[TO DO] Each entry is to be repeated word for word, and the images are to be dropped.

─── GIVEN RECORDS

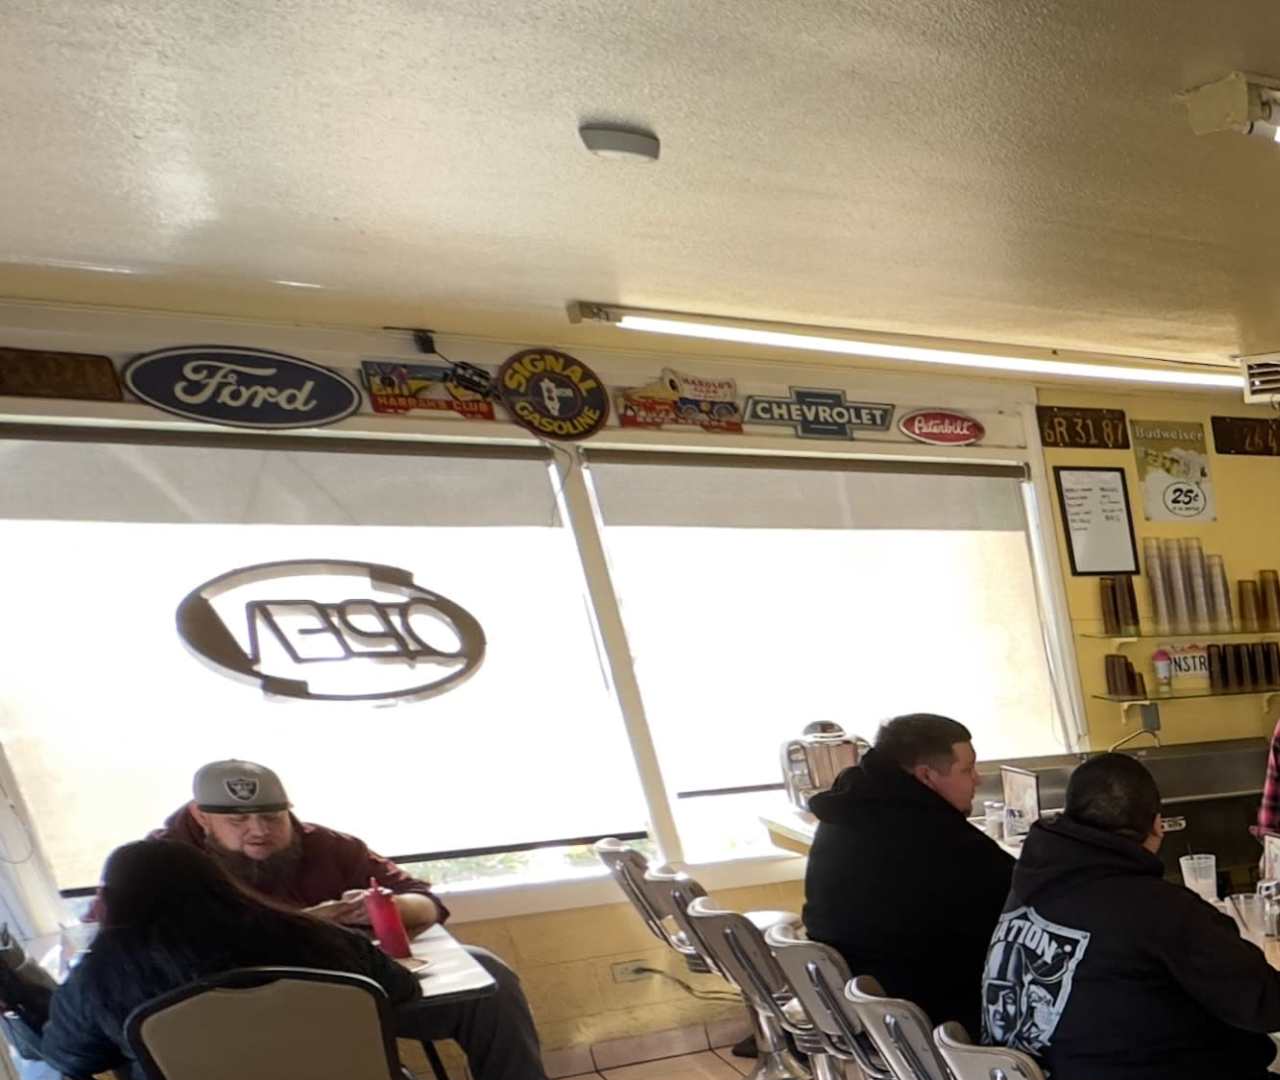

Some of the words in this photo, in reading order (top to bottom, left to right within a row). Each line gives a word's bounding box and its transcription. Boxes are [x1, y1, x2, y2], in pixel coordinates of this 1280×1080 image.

[174, 360, 318, 412] Ford
[504, 353, 598, 397] SIGNAL
[451, 400, 490, 414] CLUB
[514, 401, 600, 435] GASOLINE
[755, 402, 885, 425] CHEVROLET
[913, 416, 972, 436] Peterbilt
[1135, 425, 1205, 441] Budweiser

──────

[OUTPUT FOR THIS EXERCISE]
Some of the words in this photo, in reading order (top to bottom, left to right within a row). Each line gives a word's bounding box and its transcription. Boxes are [x1, y1, x2, y2], in pixel coordinates of this 1280×1080 image.

[174, 360, 318, 412] Ford
[504, 353, 598, 397] SIGNAL
[451, 400, 490, 414] CLUB
[514, 401, 600, 435] GASOLINE
[755, 402, 885, 425] CHEVROLET
[913, 416, 972, 436] Peterbilt
[1135, 425, 1205, 441] Budweiser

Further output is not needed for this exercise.